Karel wheeled around like a cornered bull, almost stumbling from all the wine. Litzi gave me a look that said I’d again been needlessly cruel, but our surroundings gave no cause for alarm. Drunken Scotsmen were still in abundance, along with an approaching phalanx of tourists lurching to and fro on Segways.

“Don’t worry,” I said. “It’s me he’s interested in.”

Our farewell was subdued, and I felt bad for Karel. He invited us back anytime, but you could tell his heart wasn’t in it. I should’ve kept my mouth shut about Lothar. I knew Litzi thought so, too, and she kept her distance as we crossed the lobby.

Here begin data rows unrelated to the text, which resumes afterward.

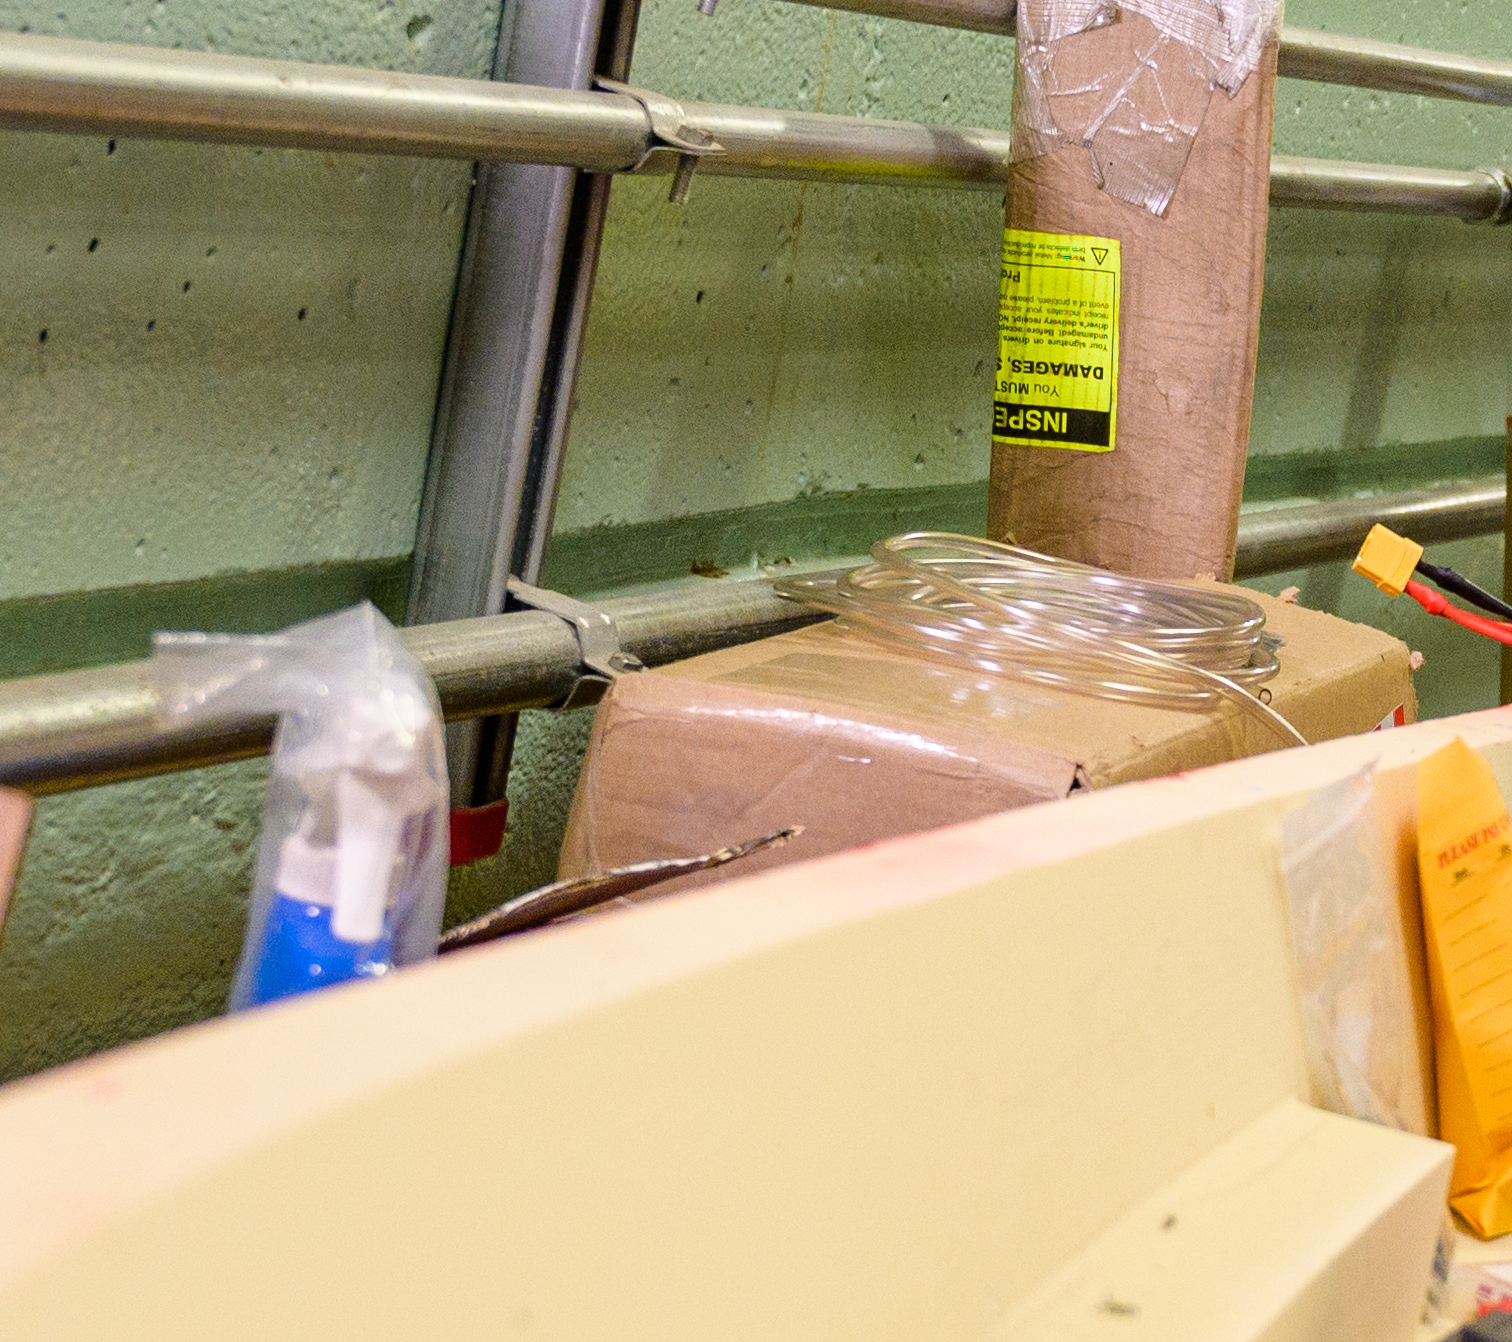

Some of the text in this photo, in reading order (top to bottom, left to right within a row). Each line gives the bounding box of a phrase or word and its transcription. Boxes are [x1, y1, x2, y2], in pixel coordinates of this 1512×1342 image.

[1009, 294, 1034, 303] please
[1026, 305, 1043, 315] your
[1046, 307, 1081, 317] indicates
[1084, 309, 1109, 320] receipt
[1044, 317, 1077, 327] delivery
[1026, 327, 1054, 336] Before
[1003, 335, 1108, 352] Your signature on drivers
[1008, 356, 1104, 380] DAMAGES,
[1034, 383, 1059, 397] You

“Why Lothar?” she finally asked, as we wearily climbed the stairs. “He must have been more than just a book scout.”

“My dad thinks he used to hunt down rare titles for people in the Agency. Maybe their arrangement was for more than just books. Otherwise the idea that he talked to Karel’s dad makes no sense at all.”

“Unless he was KGB.”

“That’s a sobering thought.”

“Even if he was, you shouldn’t have unloaded on your friend Karel like that. Czechs of a certain age are still haunted in a way you’ll never understand.”

Like her father, she meant. No wonder she was feeling protective.

“You’re right. I’m sorry.”

We were exhausted, and probably would have been asleep within seconds of entering our room, if not for the message that greeted us when I flipped on the light.

“Not again,” Litzi groaned. “How did he find us?”

Another one of my Gohrsmühle envelopes was perched on the pillows like a complimentary mint.

“Who knows? More marching orders, I guess. Wonder which book he’s torn apart this time?”

But this time there was only a folded sheet of stationery with a single typed line.

7 p.m., 22 Divadelni

“He must mean tomorrow,” Litzi said. “Do you know the address?”

“Quite well.” So well that I was stunned to see it again in black and white. “It’s our old apartment building, where Dad and I lived. Down by the river, third-floor balcony on the left. I guess my handler is trying to make me feel at home.”

I forced a smile, but Litzi didn’t join me.

“I thought you weren’t going to follow any more bread crumbs until you knew who was dropping them.”

“It seemed like a good idea at the time.”

“And now?”

“Maybe I should go back on the offensive.”

“How?”

“If the next crumb is waiting at my old apartment, I ought to be able to think of something. I did live there for three years.”

I lay awake for at least an hour, hectored by questions. Why did my handler want me to visit my old apartment? How had he tracked us down so quickly? And what could I possibly do to gain some—any—sort of advantage over his manipulation as this strange journey tunneled ever deeper into my past?

But my last waking thought was of the Lemaster passage that had hounded me throughout the train ride from Vienna.

Beware the Friendlies.

Easy for you to say, Richard Folly.

I fell asleep with Litzi in my arms.